日本フィランソロピー協会(以下、当協会)は、一人ひとりの社会参加が民主主義の原点である、という考えの下、個人や企業の社会貢献(フィランソロピー)の推進をしている。その際、一人ひとりとは、障がいのある人や高齢者、子どもたちも含んで考えている。支援する人、支援される人という固定的な立場があるのではなく、それぞれの個性や特性を生かしながら、お互い支え合い、助け合いながら社会を創(つく)っていくことをフィランソロピーの原点と考えている。

活動の一環として、健常者と障がい者の接点として自然な形で交われるものはアートではないか、という考えから、障がい者アートをテーマにした事業を推進している。
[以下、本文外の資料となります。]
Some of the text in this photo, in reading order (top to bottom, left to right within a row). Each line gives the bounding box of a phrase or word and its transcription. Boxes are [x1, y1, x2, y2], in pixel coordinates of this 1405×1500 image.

主なものとしては、機関誌『フィランソロピー』の表紙に障がい者のアート作品を使用しているほか、フィランソロピー名刺制作(障がい者の作品を名刺に使用)、新丸ビル竣工記念として、文化庁主催の障がい者アート展開催の企画・運営、障がい者就労支援事業の実態調査及び課題分析などである。

これらの事業を推進する中で、障がい者という人がいるのではなく、一人ひとりの中に不便なことや不都合なことがあるのだが、それが理解されないために障がい者と一括(ひとくく)りにされてしまうのだ、と気づいた。そこで、当協会の主な事業である、企業の社会貢献を核にしたCSR推進において、“障がい者支援”を、最近よく言われるインクルーシブ社会、ダイバーシティ推進の一環として捉えてもらうよう、工夫しながら事業を進めている。

以下に、いくつかをご紹介したい。

障がい者も社会貢献

(株)OKIワークウェル

同社は、1998年にOKI社会貢献推進室で始めた、重度障がい者の在宅勤務雇用を中心にホームページの作成、デザインなどを行う会社である。バーチャルオフィスシステムを活用することにより、離れたメンバー同士では困難と思われたコミュニケーションを円滑にし、チームで成果物を作り上げている。
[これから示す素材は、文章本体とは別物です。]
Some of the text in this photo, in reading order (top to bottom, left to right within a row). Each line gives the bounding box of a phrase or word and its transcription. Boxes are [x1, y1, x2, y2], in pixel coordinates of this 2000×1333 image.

肢体不自由や知的障がいをはじめ、さまざまな障がいのある社員が働いている。また、同社では、障がい者自身が、企業、在宅就労支援団体、特別支援学校などに出向き、これまで培った在宅勤務のノウハウやバーチャルオフィスシステムを提供することで、通勤、通所、通学ができない方々の支援をしている。また、一般の小・中学校などで福祉教育も行なっている。「障がい者による授業」は、これからも需要がありそうだ。

障がい者スポーツはスポーツの一つのジャンル

(株)モンベルはアウトドア用品の会社である。創業者の辰野勇さんは最年少でアイガー北壁登頂に成功したクライマーで、山に関する仕事をしようと始めた。1991年に、脳性まひの青年の「障がい者でもカヌーができませんか?」のひとことを聞いて、辰野さんは講習会を開き、障がい者カヌーをパラマウント・チャレンジ・カヌーと呼び、奈良県吉野川でカヌーの大会を開催した。現在では、「日本障害者カヌー協会」として、多くの障がい者がカヌーを楽しんでいる。

また、モンベルのチャレンジ支援プログラムは、どんなものでもチャレンジする人に賞を出すもので、障がい者も応募している。スポーツには、そうした「フェア」な発想がある。

サントリーは、被災地の障がい者スポーツ支援をしているが、車いすバスケットボールの試合を小学校で開催したことがある。プロバスケットボールの選手と車いすバスケットボールの選手が戦った。もちろん、車いすの選手の勝ち(人数を少なくするというハンディもつけて)。子どもたちはもちろんだが、サントリーの社員も大いに盛り上がった。そこには、障がいの有無はない。足をオフにして車いすを使いこなせるかどうか、だけだった。パラリンピックもそうした意識変革のきっかけになれば、と願っている。

社会的企業の台頭

昨今、社会的課題をビジネスの手法で解決しよう、と企業を立ち上げる人が増えてきた。ソーシャルビジネスと言われているが、障がい者の社会参加を推進するための起業も増えている。大阪の(株)インサイトは、障がい者雇用や授産施設の工賃アップのコンサルティングを手掛ける。東日本大震災後には、被災地の福祉事業所の製品を全国で販売する仕組み「ミンナDEカオウヤ」を複数企業・団体と共に立ち上げ、各地で販売に奔走した。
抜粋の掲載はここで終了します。